It's debatable whether Lydian/Persian coinage can really be called "Greek", although the style is very clearly influenced by Greek coinage. The first coinage of Greek proper was of Aegina, around 620 B.C.E, although this is simply an estimate based on archaeological findings. It's less clear when Greek coinage ends: Diocletian's currency reforms are a good point for the issues of Greece itself, but the hellenic issues of Bactria (west India) and so forth also have to be taken into account. Other coinages gradually became less Greek in style: for classification purposes, anything after 450 C.E would probably not be considered ancient.
The Bactrians had gone by the time Diocletian was around. You are right about the begining of greek coinage being a gray area though. However, I think if one wanted to start a comprehensive greek coin collection, you couldn't really go wrong by buying a tetradrachm of Diocletian (or Dioclese) and a Electrum stater of Lydia and then endevouring to fill in the the gap between them....

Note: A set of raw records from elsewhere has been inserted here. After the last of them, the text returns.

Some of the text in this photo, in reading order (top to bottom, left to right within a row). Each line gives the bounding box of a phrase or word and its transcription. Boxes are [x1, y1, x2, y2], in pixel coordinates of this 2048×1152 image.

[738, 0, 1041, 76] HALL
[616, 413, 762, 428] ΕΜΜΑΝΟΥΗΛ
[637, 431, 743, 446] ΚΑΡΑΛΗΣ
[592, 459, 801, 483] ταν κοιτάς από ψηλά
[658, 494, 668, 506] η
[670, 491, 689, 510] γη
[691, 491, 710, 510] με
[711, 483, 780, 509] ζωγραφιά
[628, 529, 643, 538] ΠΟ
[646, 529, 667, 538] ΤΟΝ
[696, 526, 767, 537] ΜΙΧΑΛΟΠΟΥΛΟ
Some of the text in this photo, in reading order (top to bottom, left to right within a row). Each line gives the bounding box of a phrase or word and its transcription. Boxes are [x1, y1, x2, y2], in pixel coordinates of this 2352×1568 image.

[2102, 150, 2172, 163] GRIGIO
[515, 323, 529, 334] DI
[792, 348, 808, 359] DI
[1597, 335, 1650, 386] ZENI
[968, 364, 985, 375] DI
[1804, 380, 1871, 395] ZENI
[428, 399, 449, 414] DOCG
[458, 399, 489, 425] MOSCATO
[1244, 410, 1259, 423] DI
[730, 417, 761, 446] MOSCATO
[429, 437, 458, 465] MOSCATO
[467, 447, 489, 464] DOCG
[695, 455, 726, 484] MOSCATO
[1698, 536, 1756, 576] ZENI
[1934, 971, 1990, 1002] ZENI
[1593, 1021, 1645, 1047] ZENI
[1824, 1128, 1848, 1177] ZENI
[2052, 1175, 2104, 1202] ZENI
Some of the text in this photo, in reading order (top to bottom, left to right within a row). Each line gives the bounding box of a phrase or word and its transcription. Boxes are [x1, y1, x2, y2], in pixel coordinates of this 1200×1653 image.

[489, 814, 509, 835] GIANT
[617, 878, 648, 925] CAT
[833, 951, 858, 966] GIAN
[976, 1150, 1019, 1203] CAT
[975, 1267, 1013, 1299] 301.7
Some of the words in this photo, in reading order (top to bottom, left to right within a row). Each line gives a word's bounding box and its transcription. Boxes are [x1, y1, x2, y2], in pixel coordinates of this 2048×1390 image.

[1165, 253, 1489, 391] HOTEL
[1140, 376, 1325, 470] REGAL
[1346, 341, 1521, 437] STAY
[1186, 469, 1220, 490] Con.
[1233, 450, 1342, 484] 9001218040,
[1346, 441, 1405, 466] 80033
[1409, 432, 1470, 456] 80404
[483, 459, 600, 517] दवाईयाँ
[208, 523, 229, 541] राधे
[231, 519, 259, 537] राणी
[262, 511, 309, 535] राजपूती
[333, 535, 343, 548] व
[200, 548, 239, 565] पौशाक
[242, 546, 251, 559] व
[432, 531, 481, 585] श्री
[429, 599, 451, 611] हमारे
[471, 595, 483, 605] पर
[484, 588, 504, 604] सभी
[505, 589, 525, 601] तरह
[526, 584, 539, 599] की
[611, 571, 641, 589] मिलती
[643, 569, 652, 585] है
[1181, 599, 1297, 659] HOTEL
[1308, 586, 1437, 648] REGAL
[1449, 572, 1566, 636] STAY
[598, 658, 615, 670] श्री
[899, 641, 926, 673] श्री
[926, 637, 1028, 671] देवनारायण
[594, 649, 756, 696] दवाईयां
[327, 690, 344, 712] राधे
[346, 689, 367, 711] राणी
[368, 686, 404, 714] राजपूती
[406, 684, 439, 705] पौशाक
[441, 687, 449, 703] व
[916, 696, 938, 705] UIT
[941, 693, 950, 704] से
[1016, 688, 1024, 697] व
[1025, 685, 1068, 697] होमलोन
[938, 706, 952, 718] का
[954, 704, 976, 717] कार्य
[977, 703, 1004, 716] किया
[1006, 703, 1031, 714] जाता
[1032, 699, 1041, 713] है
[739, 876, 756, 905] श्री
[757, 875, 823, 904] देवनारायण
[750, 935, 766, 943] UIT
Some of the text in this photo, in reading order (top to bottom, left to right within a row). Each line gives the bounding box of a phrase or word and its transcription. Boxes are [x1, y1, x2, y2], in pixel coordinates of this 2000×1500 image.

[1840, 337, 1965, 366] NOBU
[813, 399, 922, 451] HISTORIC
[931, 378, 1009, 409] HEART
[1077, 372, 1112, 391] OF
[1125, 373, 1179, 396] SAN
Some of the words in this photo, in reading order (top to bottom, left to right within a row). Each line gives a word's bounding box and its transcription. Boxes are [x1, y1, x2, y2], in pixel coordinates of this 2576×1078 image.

I'll accept the span suggested but the whole idea of collecting Greek coins is really faulted. Ancient Greece wasn't a place with borders but a culture that had a common language and an attitude that those who didn't understand that language were in some way defective. When 'Greeks' travelled to Italy, Spain, Africa or India they expanded the 'Greek' world. Whether the people there thought of themselves as 'Greek' is a different matter. Coinage expanded the Greek influence even farther than culture. Places that were very un-Greek issued coins with Greek legends or styles. Trade routes in Africa (Aksum) and Central Asia made Greek coins a fixture in places that never heard of Athens. Coin collectors force things into neat little categories. In my way of looking at things, coins started in three places. The Chinese cast metal in shapes including the round ones with square holes that became the standard. Indians cut flat metal and hit them with punches (often 5) with various meanings. That system lasted a few hundred years making it least successful of the three. Greeks took more or less round lumps of metal and hammered them between dies cut with a design. In the end, the Greek answer to coins took over more and more of the world to the point that it is hard to find a modern coin that is not a little 'Greek'. Where we draw the lines is wholly a matter of opinion. I'll accept the span suggested.
It ends in different times in different places. In Gaul, once Greek denominations like the obol and stater were changed out for Roman ones like the dupondius and denarius. In Egypt, I'd say that once Augustus altered the monetary system and introduced the billon tetradrachm, Greek coinage had come to an end. In Asia Minor and the rest of the east, it ended when individual cities ceased minting their coinage (and not the big, Imperial-style mints like Antioch). But, there is one issue of Greek-style coinage that presses beyond Diocletian's reform. Bosporan coinage, a bit of a hybrid between Greek and Roman, was struck until the death of their last king, Rhescuporis V, in 343 AD.